# Requirement:
The lines to return are the one containing "this 2300×1596 image." and all that follow it in the entries below, duplicated exactly and nothing else.

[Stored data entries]

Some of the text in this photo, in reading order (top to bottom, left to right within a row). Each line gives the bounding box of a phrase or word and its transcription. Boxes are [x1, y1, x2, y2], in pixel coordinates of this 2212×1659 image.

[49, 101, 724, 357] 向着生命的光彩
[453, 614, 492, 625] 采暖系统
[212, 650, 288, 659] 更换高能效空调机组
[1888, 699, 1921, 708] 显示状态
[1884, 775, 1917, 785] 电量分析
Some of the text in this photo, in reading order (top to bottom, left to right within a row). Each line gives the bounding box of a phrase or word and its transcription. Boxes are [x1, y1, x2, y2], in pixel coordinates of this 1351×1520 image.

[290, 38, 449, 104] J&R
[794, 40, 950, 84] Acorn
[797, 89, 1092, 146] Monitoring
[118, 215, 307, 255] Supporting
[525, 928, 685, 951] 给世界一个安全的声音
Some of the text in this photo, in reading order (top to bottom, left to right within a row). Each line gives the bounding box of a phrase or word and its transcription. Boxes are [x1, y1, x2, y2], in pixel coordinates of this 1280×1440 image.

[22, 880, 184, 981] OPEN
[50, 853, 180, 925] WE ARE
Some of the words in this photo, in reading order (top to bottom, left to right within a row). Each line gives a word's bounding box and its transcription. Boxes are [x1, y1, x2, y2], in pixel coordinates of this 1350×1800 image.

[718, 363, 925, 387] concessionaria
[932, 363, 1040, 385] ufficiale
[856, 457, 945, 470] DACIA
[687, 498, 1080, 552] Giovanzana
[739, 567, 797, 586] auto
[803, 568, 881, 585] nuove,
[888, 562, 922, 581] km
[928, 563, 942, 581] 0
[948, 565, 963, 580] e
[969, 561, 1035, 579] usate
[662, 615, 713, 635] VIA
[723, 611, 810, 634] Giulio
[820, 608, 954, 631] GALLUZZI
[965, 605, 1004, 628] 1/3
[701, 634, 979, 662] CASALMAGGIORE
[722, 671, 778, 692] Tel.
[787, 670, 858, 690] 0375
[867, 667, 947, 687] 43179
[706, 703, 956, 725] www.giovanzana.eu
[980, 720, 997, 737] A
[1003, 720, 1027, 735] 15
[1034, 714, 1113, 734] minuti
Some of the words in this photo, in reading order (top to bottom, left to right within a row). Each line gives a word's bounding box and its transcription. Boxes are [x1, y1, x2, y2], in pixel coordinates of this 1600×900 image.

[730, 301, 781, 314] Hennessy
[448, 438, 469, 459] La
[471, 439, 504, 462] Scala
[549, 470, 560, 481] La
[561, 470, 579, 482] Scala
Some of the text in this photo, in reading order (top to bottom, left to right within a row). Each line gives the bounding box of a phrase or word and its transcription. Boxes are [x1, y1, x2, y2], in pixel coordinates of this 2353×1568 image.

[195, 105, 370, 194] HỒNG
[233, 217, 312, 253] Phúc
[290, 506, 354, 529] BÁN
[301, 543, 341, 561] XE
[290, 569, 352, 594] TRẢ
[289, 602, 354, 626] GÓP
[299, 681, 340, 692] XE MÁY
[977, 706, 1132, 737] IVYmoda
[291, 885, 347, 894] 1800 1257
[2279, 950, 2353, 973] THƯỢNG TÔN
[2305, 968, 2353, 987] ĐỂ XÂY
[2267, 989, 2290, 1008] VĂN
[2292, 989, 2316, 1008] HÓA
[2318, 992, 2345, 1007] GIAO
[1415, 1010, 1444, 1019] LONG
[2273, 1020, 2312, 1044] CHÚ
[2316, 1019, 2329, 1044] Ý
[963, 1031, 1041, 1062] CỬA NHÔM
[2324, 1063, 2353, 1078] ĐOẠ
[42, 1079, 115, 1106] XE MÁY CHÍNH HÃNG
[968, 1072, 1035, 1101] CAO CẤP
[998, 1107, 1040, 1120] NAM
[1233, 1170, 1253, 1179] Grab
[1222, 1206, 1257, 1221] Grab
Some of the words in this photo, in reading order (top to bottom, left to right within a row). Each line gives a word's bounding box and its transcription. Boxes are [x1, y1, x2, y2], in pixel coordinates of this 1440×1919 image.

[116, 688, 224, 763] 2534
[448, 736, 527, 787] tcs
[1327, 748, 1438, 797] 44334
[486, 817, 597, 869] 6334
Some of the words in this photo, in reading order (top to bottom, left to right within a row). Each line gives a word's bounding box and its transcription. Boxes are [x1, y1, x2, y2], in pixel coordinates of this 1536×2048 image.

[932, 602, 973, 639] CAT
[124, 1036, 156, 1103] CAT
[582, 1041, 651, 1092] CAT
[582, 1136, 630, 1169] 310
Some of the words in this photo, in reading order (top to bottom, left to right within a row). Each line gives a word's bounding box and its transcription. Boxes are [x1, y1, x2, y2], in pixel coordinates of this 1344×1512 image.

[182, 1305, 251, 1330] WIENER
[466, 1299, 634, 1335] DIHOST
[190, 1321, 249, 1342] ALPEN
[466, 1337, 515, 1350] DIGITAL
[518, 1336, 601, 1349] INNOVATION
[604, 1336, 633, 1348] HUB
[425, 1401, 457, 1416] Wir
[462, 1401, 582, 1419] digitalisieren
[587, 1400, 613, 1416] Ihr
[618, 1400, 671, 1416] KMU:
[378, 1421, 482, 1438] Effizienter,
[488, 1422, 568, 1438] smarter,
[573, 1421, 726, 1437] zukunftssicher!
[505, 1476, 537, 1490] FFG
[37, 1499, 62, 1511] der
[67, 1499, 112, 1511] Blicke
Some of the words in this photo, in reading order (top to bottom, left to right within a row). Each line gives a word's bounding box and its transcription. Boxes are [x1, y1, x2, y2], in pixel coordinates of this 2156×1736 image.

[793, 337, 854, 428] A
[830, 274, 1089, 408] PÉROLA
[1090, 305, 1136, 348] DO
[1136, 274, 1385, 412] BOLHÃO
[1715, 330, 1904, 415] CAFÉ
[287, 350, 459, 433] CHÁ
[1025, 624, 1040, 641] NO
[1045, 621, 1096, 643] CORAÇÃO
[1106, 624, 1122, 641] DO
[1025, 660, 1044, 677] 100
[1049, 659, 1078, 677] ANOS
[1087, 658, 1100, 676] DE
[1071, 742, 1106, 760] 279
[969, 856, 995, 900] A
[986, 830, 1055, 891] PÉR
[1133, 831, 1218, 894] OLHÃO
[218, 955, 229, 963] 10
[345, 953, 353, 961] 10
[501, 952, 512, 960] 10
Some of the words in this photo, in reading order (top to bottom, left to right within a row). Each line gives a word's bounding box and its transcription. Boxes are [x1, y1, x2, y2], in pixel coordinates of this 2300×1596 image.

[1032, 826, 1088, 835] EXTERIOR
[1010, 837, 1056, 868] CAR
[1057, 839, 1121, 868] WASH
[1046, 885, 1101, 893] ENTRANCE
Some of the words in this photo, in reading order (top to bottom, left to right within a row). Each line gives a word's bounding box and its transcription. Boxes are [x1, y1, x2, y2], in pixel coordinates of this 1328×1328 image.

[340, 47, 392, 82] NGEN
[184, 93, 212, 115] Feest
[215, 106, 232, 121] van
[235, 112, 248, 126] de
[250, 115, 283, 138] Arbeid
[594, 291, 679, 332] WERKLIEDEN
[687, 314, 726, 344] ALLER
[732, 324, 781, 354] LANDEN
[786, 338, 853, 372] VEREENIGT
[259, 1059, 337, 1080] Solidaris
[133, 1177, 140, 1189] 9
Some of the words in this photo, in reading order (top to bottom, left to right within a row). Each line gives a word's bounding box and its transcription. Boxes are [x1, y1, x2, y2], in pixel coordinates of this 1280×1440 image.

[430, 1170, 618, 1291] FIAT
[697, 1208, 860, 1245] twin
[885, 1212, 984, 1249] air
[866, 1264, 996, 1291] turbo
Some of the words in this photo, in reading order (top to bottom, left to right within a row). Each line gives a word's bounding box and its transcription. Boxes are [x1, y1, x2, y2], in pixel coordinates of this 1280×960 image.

# Answer space:
Some of the words in this photo, in reading order (top to bottom, left to right within a row). Each line gives a word's bounding box and its transcription. Boxes are [x1, y1, x2, y2], in pixel coordinates of this 2300×1596 image.

[1032, 826, 1088, 835] EXTERIOR
[1010, 837, 1056, 868] CAR
[1057, 839, 1121, 868] WASH
[1046, 885, 1101, 893] ENTRANCE
Some of the words in this photo, in reading order (top to bottom, left to right within a row). Each line gives a word's bounding box and its transcription. Boxes are [x1, y1, x2, y2], in pixel coordinates of this 1328×1328 image.

[340, 47, 392, 82] NGEN
[184, 93, 212, 115] Feest
[215, 106, 232, 121] van
[235, 112, 248, 126] de
[250, 115, 283, 138] Arbeid
[594, 291, 679, 332] WERKLIEDEN
[687, 314, 726, 344] ALLER
[732, 324, 781, 354] LANDEN
[786, 338, 853, 372] VEREENIGT
[259, 1059, 337, 1080] Solidaris
[133, 1177, 140, 1189] 9
Some of the words in this photo, in reading order (top to bottom, left to right within a row). Each line gives a word's bounding box and its transcription. Boxes are [x1, y1, x2, y2], in pixel coordinates of this 1280×1440 image.

[430, 1170, 618, 1291] FIAT
[697, 1208, 860, 1245] twin
[885, 1212, 984, 1249] air
[866, 1264, 996, 1291] turbo
Some of the words in this photo, in reading order (top to bottom, left to right within a row). Each line gives a word's bounding box and its transcription. Boxes are [x1, y1, x2, y2], in pixel coordinates of this 1280×960 image.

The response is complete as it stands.